Ravine Park - Hidden Wonders
February
16, 2004 - Though everyone is appreciative and impressed with larger
parcels of land that have been dedicated to park space, there are a
multitude of diminutive parks whose unadorned realms are equally prized.
Ravine
Park, running practically parallel to Arbutus Street from West 33rd
to 36th Avenues, is classified as undeveloped but this natural walkway
is a lovely spot for a stroll or short-cut . Its small size measures
2.32 acres but feels larger with its banking shoulders swathed in native
ferns and other ground covers.
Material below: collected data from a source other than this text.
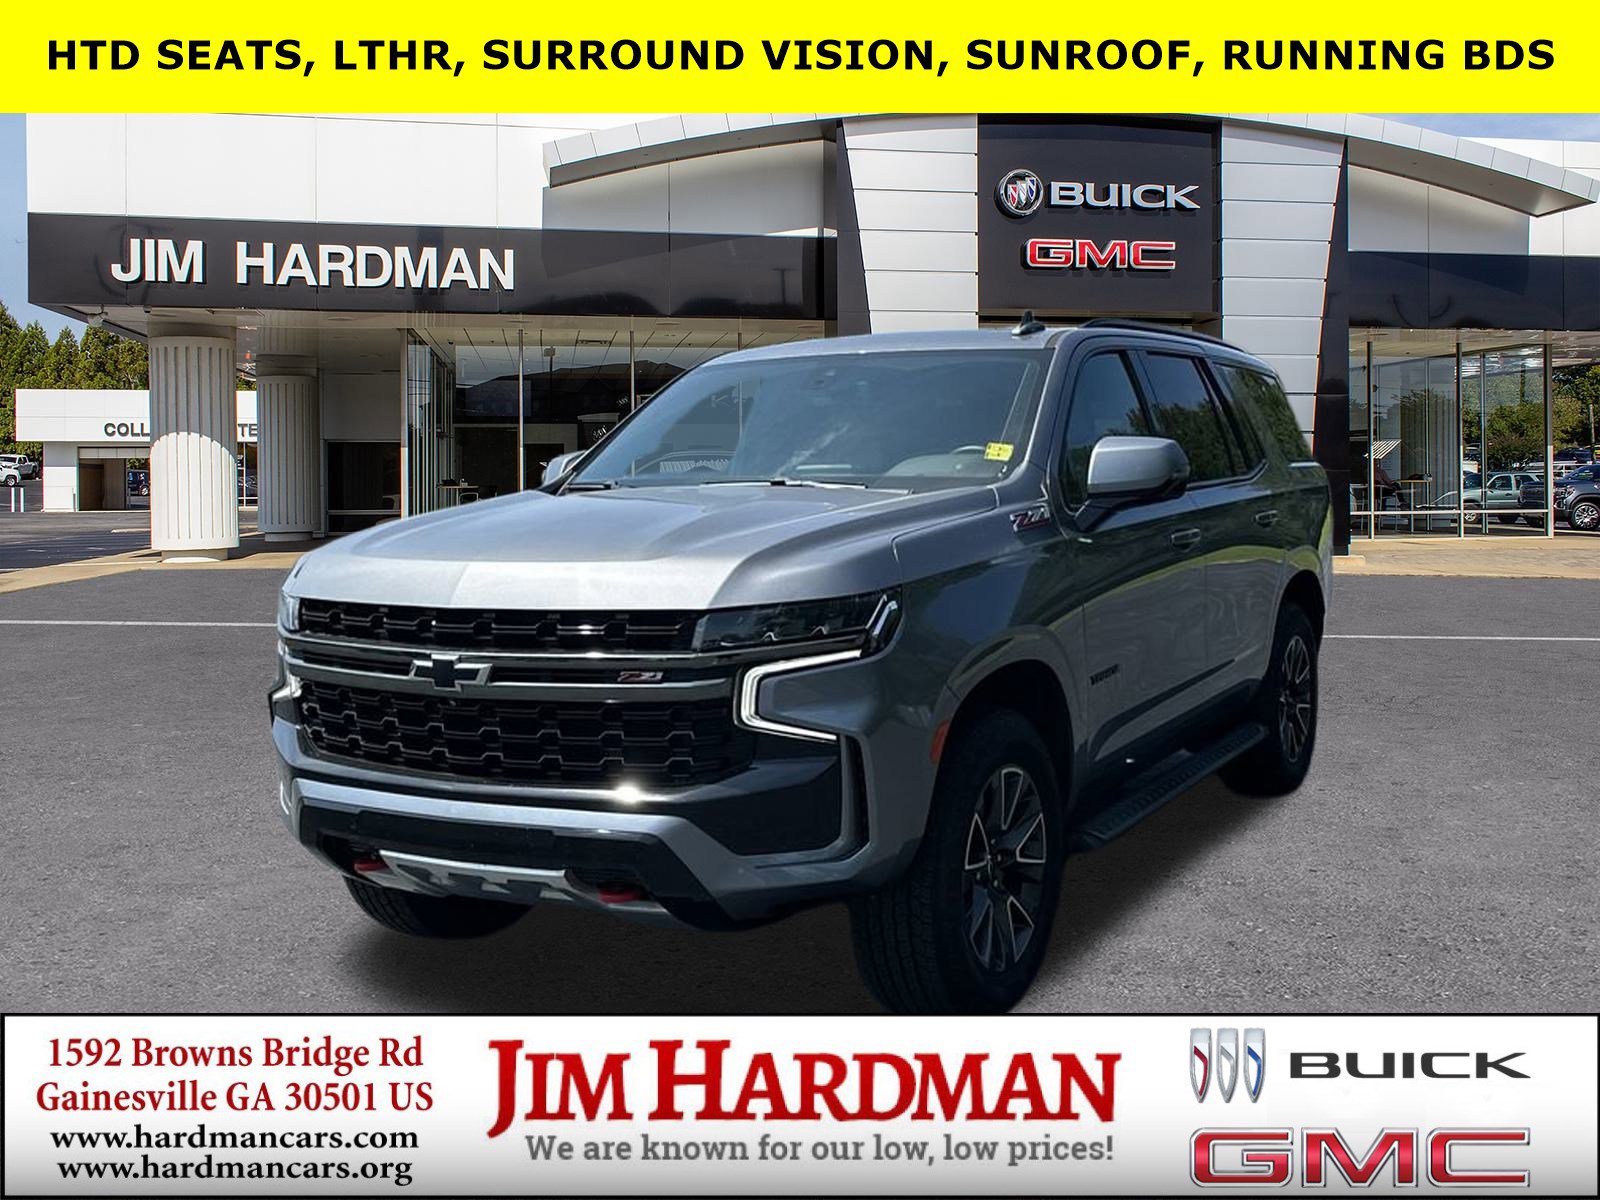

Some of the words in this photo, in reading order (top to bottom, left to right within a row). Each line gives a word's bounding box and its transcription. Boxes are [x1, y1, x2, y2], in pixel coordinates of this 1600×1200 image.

[1050, 181, 1200, 209] BUICK
[111, 238, 204, 284] JIM
[235, 241, 515, 290] HARDMAN
[1026, 238, 1176, 270] GMC
[104, 422, 150, 437] COLL
The paved pathway, formed at the convergence
of the slopes, has long been the haunt of neighbourhood children during
Vancouver's infrequent snowstorms.
By far the best time to explore this leafy and evergreen glade is in
the spring, when native flowering cherry trees arch over the ravine
in search of more sun, making a pink arbor of petals in light breezes.
At the 33rd Avenue entrance to Ravine Park, skunk cabbages, thriving
in late spring in their boggy conditions, expose the fact that this
site is one of Vancouver's original streams.
Long culverted, the sharp-of-hearing can detect the sound of water
rushing beneath the pathway's surface. At the turn of the 20th Century
Vancouver's many natural streams bore a wealth of salmon and trout.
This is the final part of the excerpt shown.